Your cat is a member of your family, so make sure to keep him or her healthy!
You don’t have to “fix” indoor cats.
No matter what you’re told or what you read, you should always spay or neuter your pets!
By getting your cat spayed or neutered, you will effectively be:
- Avoiding an unwanted litter of kittens
- Avoiding those unwanted kittens from being euthanized in shelters
- Greatly decreasing the urge for them to spray all over your house
- Reducing aggressive tendencies when a cat goes into heat
- Eliminating the risk of testicular or uterine disease or cancer
There are low-cost animal clinics all over the country that provide the surgery at very affordable prices. You can also safely have your kitten fixed as early as eight months old.
Honestly, there’s no reason not to have it done!
Black cats are bad luck!
This misconception is completely absurd. We can all agree on that. But somehow, black cats are still one of the most common types you’ll see abused or in shelters.
Black cats are just as great and as loving as any other cat. Don’t be silly.
Cats love drinking milk.
This one is particularly surprising for most of my non-feline friends, but milk actually isn’t great for them! Though a saucer of milk is frequently seen as the beverage of choice among cats, it turns out most cats are actually lactose intolerant! Drinking too much milk can cause a cat to have diarrhea, get sick to their stomach, and vomit. Generally speaking, you’ll want them to avoid the dairy!
Cats don’t like attention.
This is another one that’s probably dependent on the cat. While some cats prefer their alone time, there are definitely cats that are much more social than others! For the most part though, you can count on the fact that they’ll let you know when they’ve had enough of you.

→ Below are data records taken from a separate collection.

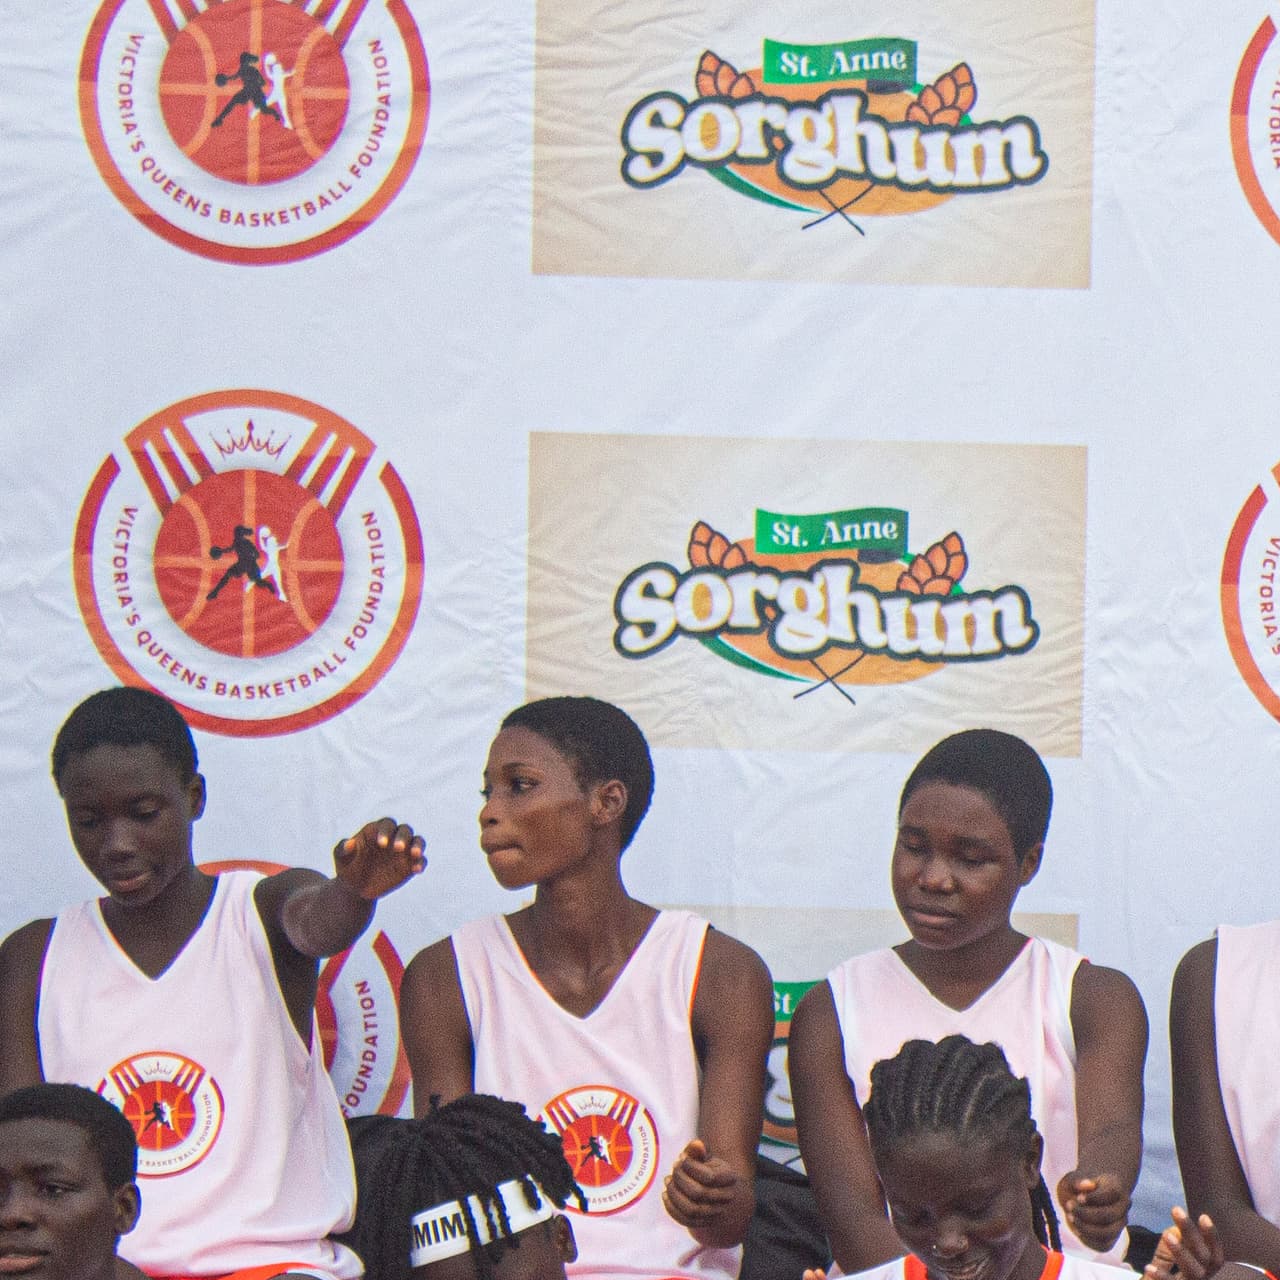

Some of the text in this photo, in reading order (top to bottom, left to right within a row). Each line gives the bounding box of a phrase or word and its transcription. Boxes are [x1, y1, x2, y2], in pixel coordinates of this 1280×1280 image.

[780, 48, 908, 78] St. Anne
[119, 33, 392, 228] VICTORIA'S QUEENS BASKETBALL FOUNDATION
[623, 92, 1047, 190] Sorghum
[771, 519, 899, 548] St. Anne
[111, 504, 387, 701] VICTORIA'S QUEENS BASKETBALL FOUNDATION
[616, 563, 1038, 660] Sorghum

Pregnant women shouldn’t have cats.
This myth is caused by a fair bit of confusion and forewarning.
Pregnant women are at risk of being infected by toxoplasmosis, a parasitic disease that can cause a miscarriage or deformities in an unborn child. The most common ways women are infected by toxoplasmosis are from poorly-cooked food, contaminated soil, or handling cat feces, which can occur when cleaning a pet cat’s litter box.

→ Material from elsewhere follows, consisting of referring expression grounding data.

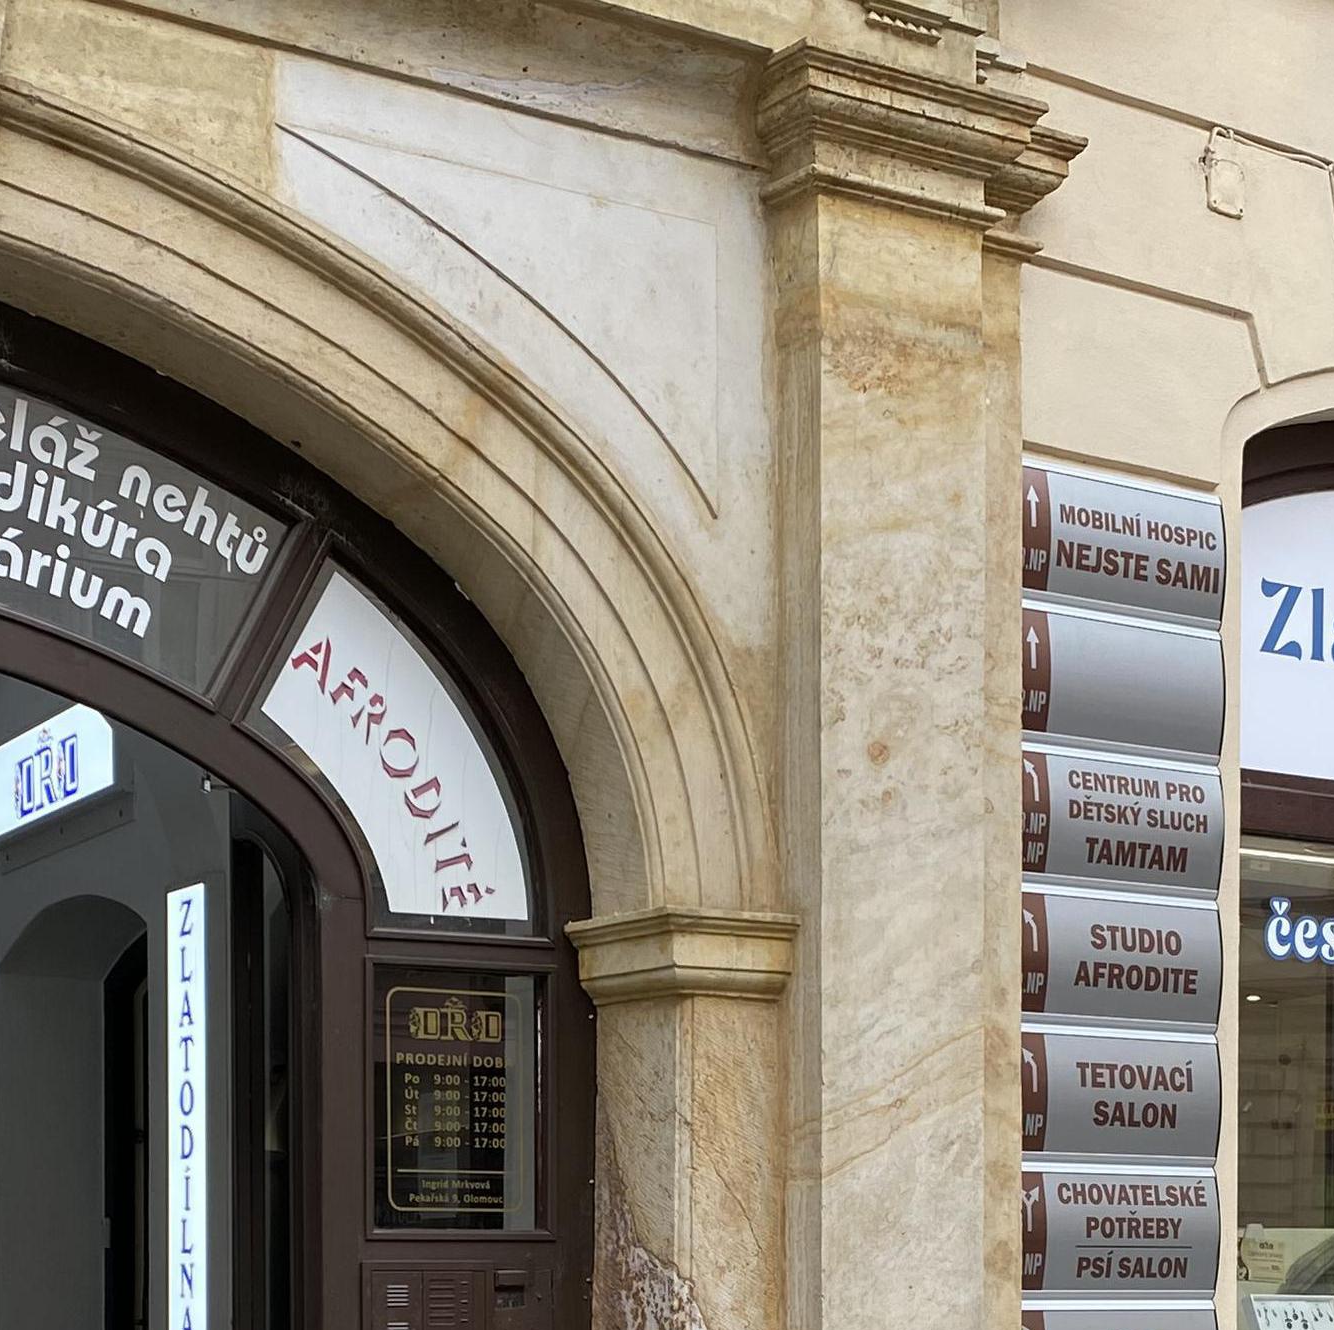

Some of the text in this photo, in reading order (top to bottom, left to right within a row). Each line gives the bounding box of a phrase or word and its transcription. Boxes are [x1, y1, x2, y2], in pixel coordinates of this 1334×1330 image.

[118, 464, 268, 575] nehtů
[1059, 502, 1217, 551] MOBILNÍ HOSPIC
[1056, 539, 1220, 594] NEJSTE SAMI
[1068, 769, 1206, 804] CENTRUM PRO
[1068, 795, 1209, 834] DĚTSKÝ SLUCH
[1085, 836, 1189, 873] TAMTAM
[1090, 923, 1183, 956] STUDIO
[1073, 961, 1199, 995] AFRODITE
[396, 1052, 468, 1067] PRODEJNÍ
[404, 1073, 506, 1087] Po 9:00 17:00
[1076, 1060, 1194, 1092] TETOVACÍ
[404, 1104, 418, 1116] St
[1093, 1100, 1177, 1129] SALON
[405, 1135, 420, 1147] Pá
[1057, 1180, 1208, 1207] CHOVATELSKÉ
[1085, 1210, 1183, 1240] POTŘEBY
[1076, 1251, 1189, 1279] PSÍ SALON
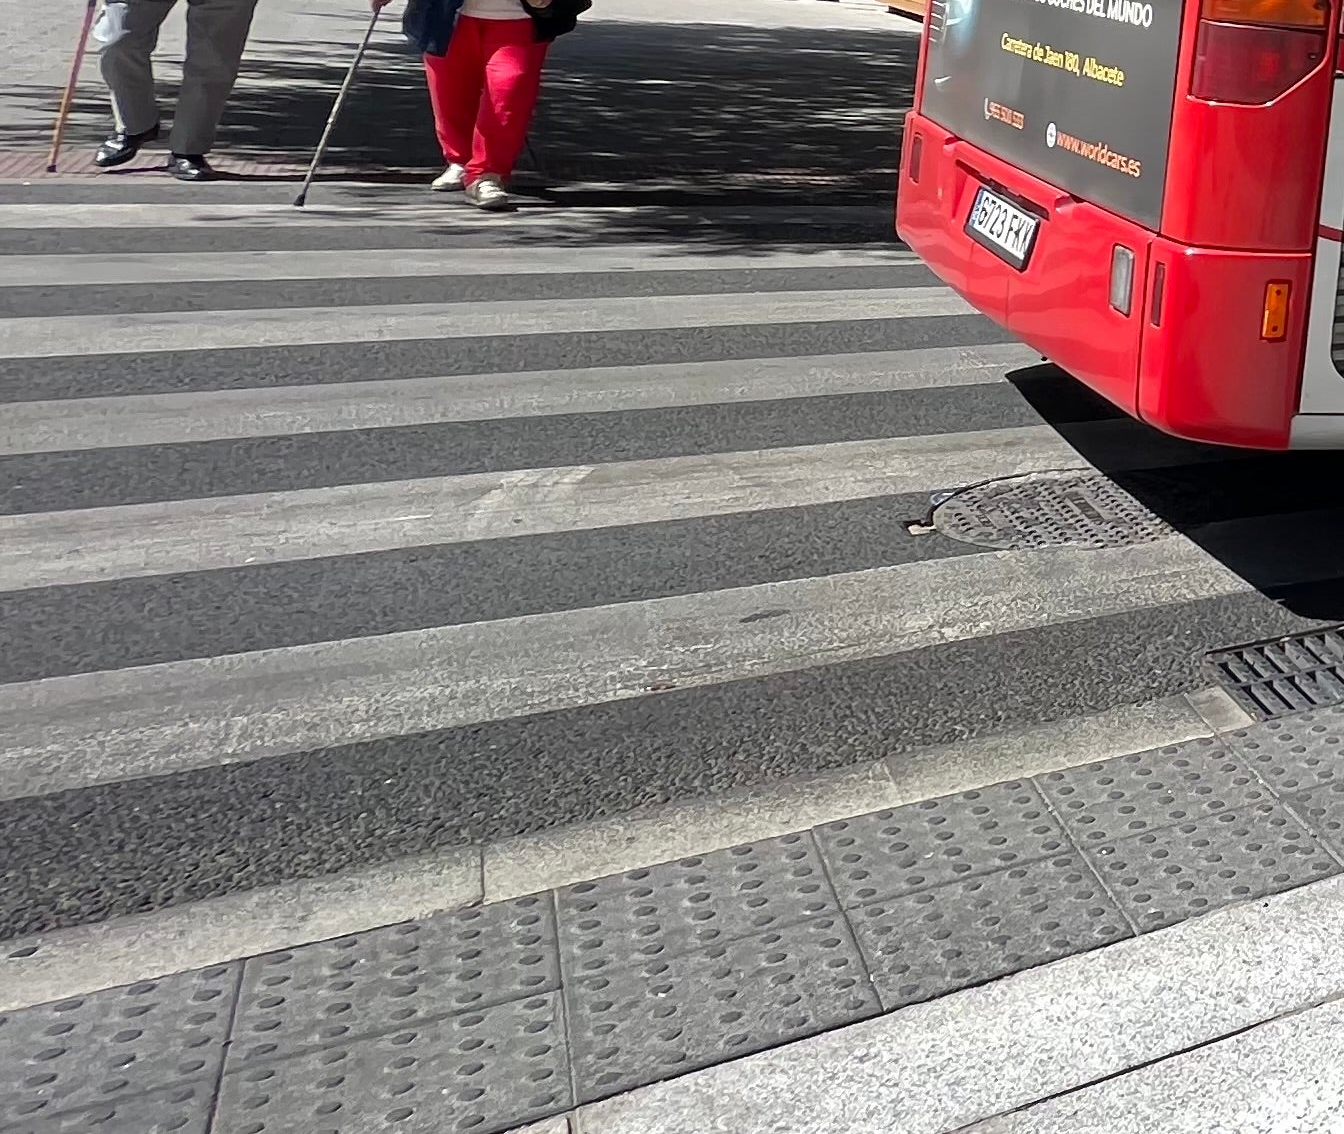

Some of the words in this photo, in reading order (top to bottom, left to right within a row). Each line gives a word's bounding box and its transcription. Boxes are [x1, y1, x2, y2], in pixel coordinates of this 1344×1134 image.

[1033, 42, 1044, 62] de
[1082, 56, 1125, 87] Albacete
[1056, 130, 1142, 178] www.worldcars.es
[978, 196, 1008, 238] 6723

While pregnant women are sometimes warned that they’ll have to give up their pet cat, the fact is that they are simply advised against cleaning their litter box. Toxoplasmosis is typically not transmitted from simply coming into contact with the cat itself. In fact, the Centers for Disease Control and Prevention state that women are far more likely to contract the disease by “eating raw meat or from gardening.”
You can read more information about toxoplasmosis here and always be sure to follow your doctor’s guidelines.

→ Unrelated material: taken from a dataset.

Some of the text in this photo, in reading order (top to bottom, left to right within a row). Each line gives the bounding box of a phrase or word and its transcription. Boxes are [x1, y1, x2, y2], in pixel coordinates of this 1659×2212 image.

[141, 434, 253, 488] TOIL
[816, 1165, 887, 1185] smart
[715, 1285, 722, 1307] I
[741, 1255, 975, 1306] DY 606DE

Declawing a cat is perfectly safe.
This one is 110% untrue!
Cat owners will usually look into this procedure as a way to prevent their pet from scratching during playtime or after their upholstery was ruined by scratch marks. What most don’t realize, however, is that having a cat declawed can actually be quite painful and cause lasting physical problems for them. And if you’re thinking this is just my personal opinion, please note that even the American Humane Society vehemently opposes the procedure as it involves surgically amputating the last bone on each of the cat’s toes.
If you’re worried about a cat that is constantly scratching, there are other ways to help curb the behavior. Don’t subject your cat to unnecessary pain!
More than half of all companion animals that enter shelters are euthanized due to being unable to find suitable homes. If you’re considering a new pet… Adopt, don’t shop!